Use AI to understand a complex paper — then design the experiment that comes next.
Use AI to truly understand a complex, recent paper — then do what a good scientist does next: design the experiment that should come after it.
Why it matters
Papers keep getting longer and more technique-dense, and no one is fluent in every method. Being able to rapidly metabolize an unfamiliar paper — and then push past it to “so what would I do next?” — is the core engine of research: journal clubs, grant aims, rotation projects, collaborations. This is also a clean test of AI for high-stakes thinking, where a confident-but-wrong explanation of a method, or a “novel” experiment that was actually published years ago, has real costs.
The paper
You’ll work from a recent paper on the circuit basis of placebo analgesia:
Livrizzi G, Chang-Weinberg J, Johnson DA, et al. Top-down control of the descending pain modulatory system drives multimodal placebo analgesia. Neuron (2026). doi:10.1016/j.neuron.2026.03.025
The download is the open-access preprint of the same study (its title omits “multimodal”); cite the published Neuron version above. Paste the PDF or its text into your AI tool to begin.
Run of show
- 0:00–0:05 · Challenge introduction (5 min)
- 0:05–0:20 · Work in your group (15 min)
- 0:20–0:22 · Post your best prompt (2 min)

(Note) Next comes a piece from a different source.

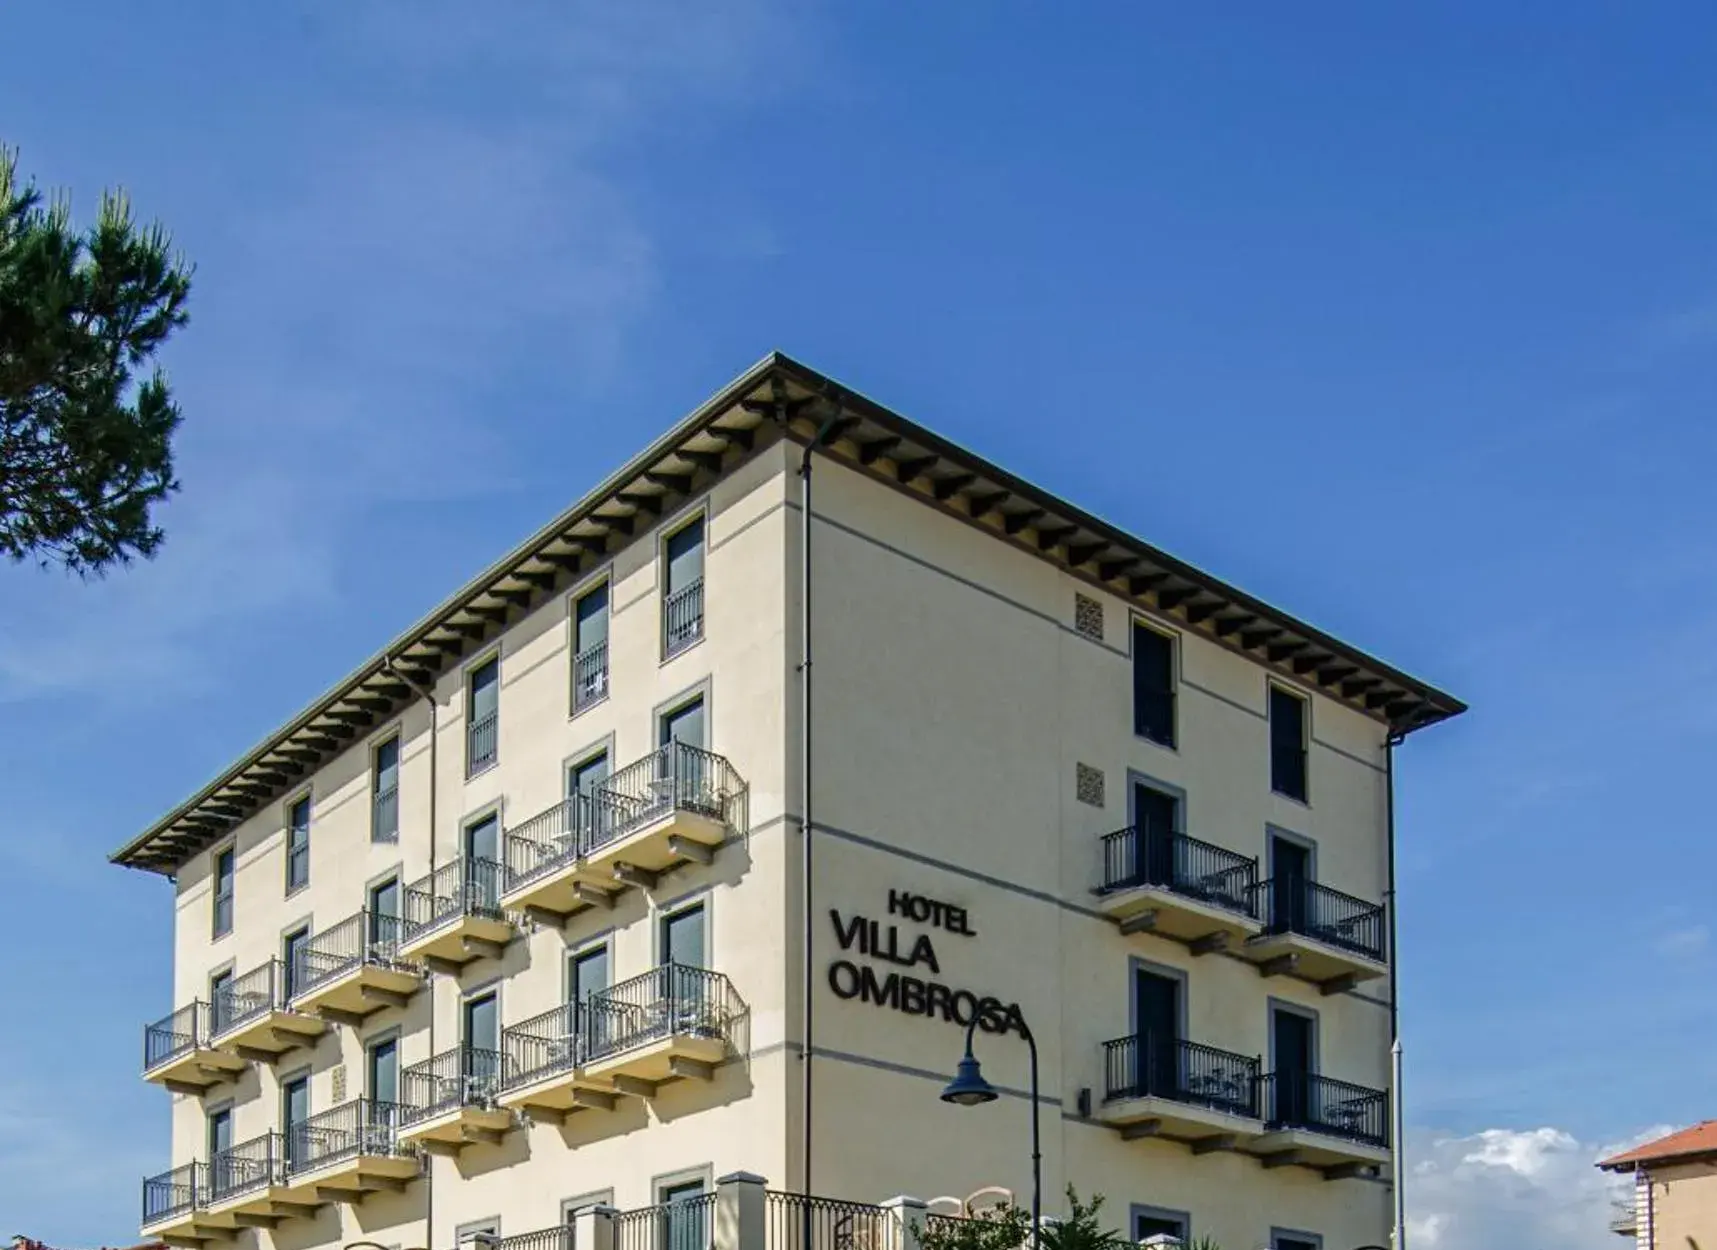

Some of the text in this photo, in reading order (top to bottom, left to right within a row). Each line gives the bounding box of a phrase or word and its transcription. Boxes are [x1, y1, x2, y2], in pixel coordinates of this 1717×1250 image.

[829, 909, 940, 974] VILLA
[888, 889, 977, 937] HOTEL
[828, 960, 1030, 1040] OMBROSA

- 0:22–0:32 · Share & debrief (10 min)
- 0:32–0:35 · Reset (3 min)
The challenge
This challenge has two parts.
Part 1 — Understand it. Use AI to do a rapid analysis of the paper and create your own summary of the study and its findings — in a format that lets you explain the experiments that were done and their major findings, not just restate the abstract. Think about what would actually be useful to you or your lab: a technique glossary? An experiment-by-experiment logic map? A one-slide model figure in words?
Part 2 — Extend it. Come up with one follow-up experiment that tests an assumption or finding in their work, or extends it in a meaningful way.
As you go, push the AI past surface answers:
- What kind of summary would be genuinely useful beyond the existing abstract?
- What limitations and caveats can AI help you uncover that you wouldn’t otherwise notice?
- Can AI help you check whether your proposed experiment is new — or already published by someone else?
- Can AI help you evaluate the feasibility and logic of your proposed experiment?
Bad prompt to better prompt
Why it disappoints: you get a polished paragraph that mirrors the abstract, glosses over the techniques, never explains why each experiment was run or what it rules out, and surfaces none of the assumptions you’d need in order to design what comes next.
Follow up with: “Propose two follow-up experiments that each test one of the assumptions in section 3. For each: hypothesis, design, predicted result, the main confound, and how I’d check whether something like it has already been published.” Then verify any cited prior work yourself before trusting it.
Debrief questions
- What summary format did your team build — and could you now explain the paper’s key experiment without re-reading the AI’s output?
- Where did the AI misdescribe a technique or overstate a finding? How did you catch it?
- What assumption or limitation did your follow-up experiment target — and why is it the interesting one?
- Did AI help you check whether your experiment was novel? Did it find prior work, or just claim there wasn’t any?
- How feasible is your proposed experiment, really? What did the AI miss about cost, time, or confounds?